Posted by patrick in Russia , revisionism , Medvedev , history facts , history education , history

Source: Estonian life, 20th November 2009

Many observers have long insisted that the reason why “revisionist history’ as defined by the Kremlin is pathologically rejected is not only because of national pride, Russian chauvinism, fear of losing face or other similar emotional factors. Practical considerations weigh heavily in the equation. This week Russian president Dmitri Medvedev made it clear that the prime reason for keeping rigidly to their own version of history is the fear of demands for reparations from foreign countries. Ria Novosti reported that the rewriting of history (obviously, Medvedev hasn’t been briefed on what western textbooks, historical treatises etc. contain) could spur the initiation of numerous demands for reparations.
“If power is given to falsifiers who attempt to rewrite history, then we’ll find ourselves face to face with those that demand compensation,” Medvedev said in a speech delivered to the complement of sailors on board the Russian warship Varjag. “This’ll be too dangerous for the country.” Yes, historians can debate many topics but the subject of the outcome of the Second World War is sacrosanct, not open for discussion, he stressed.

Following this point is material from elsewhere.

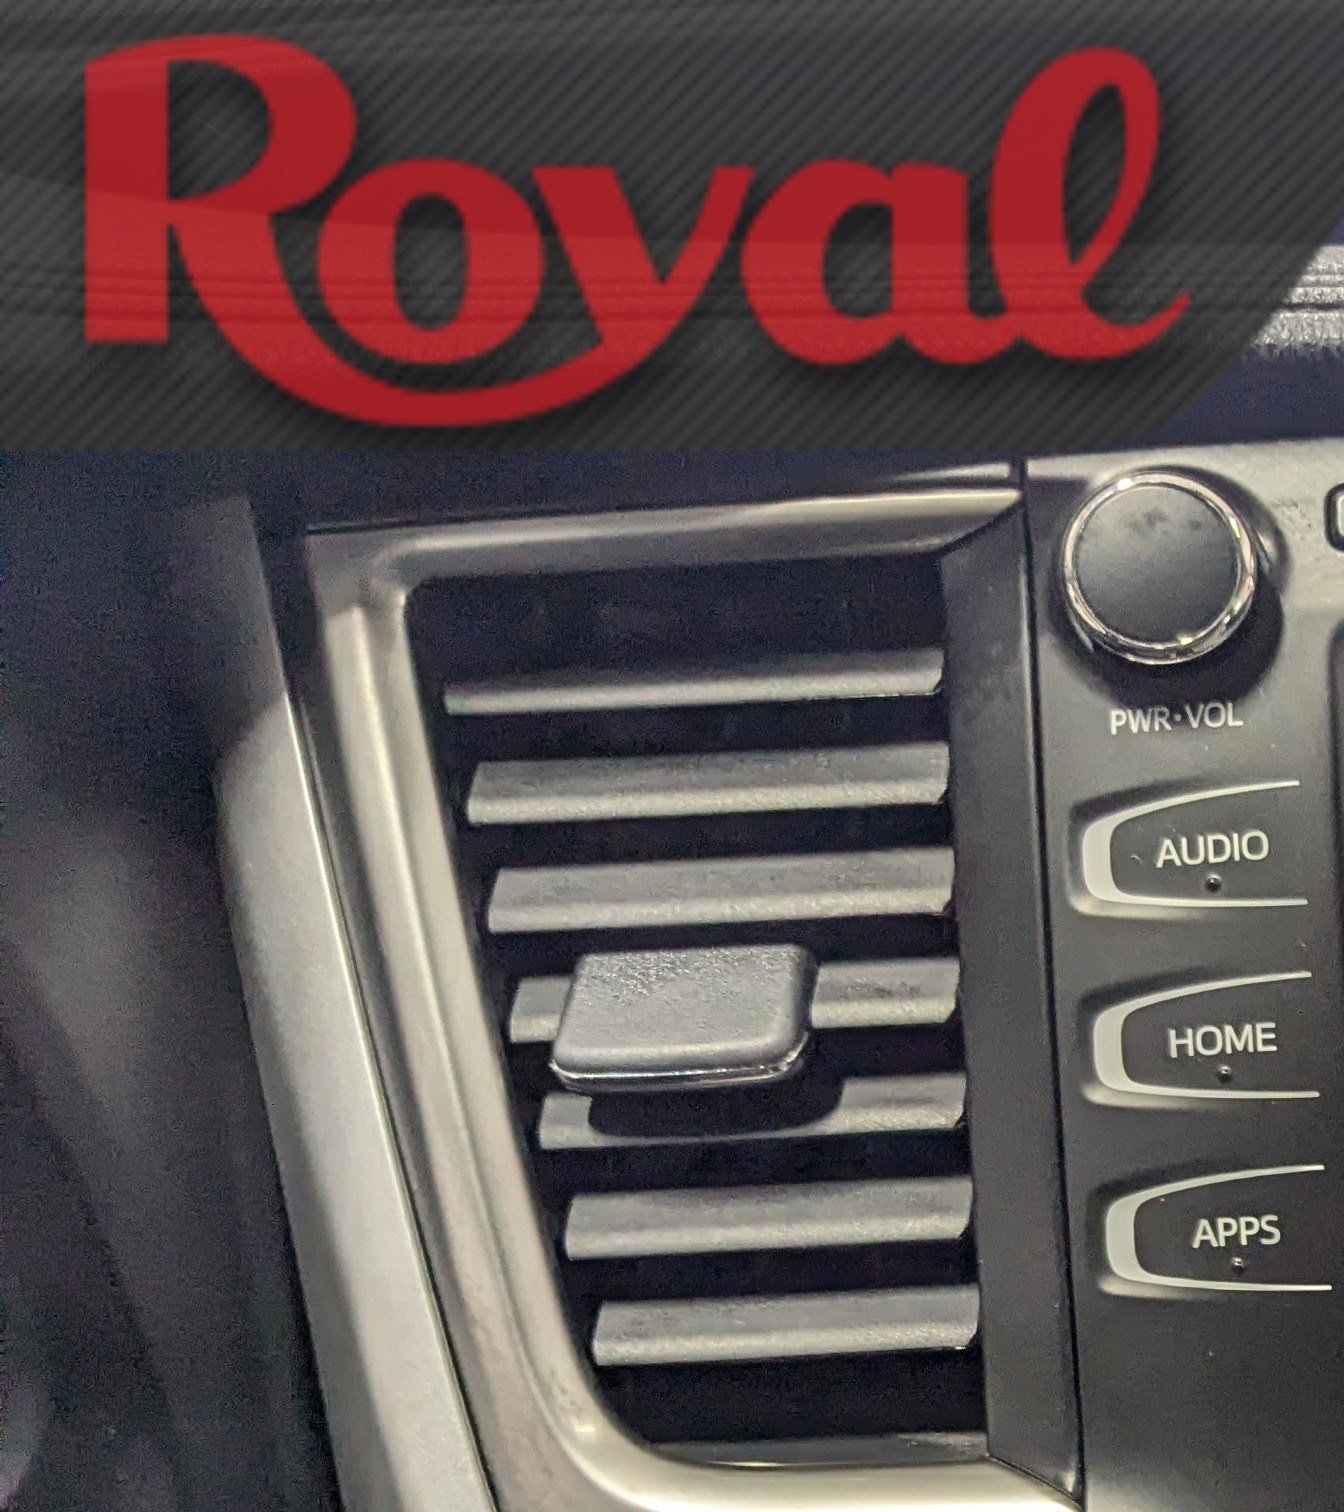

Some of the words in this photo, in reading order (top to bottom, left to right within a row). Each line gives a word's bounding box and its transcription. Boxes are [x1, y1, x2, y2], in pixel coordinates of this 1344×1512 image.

“We should be closely monitoring the situation, not let ourselves be dragged into arguments about different perspectives. We should rather be defending our position,” Medvedev added. This year the Russian president has made many statements criticizing the “rewriting of history.” Also this year Medvedev created a special commission charged with the responsibility of defending the Kremlin’s version of history – the official story.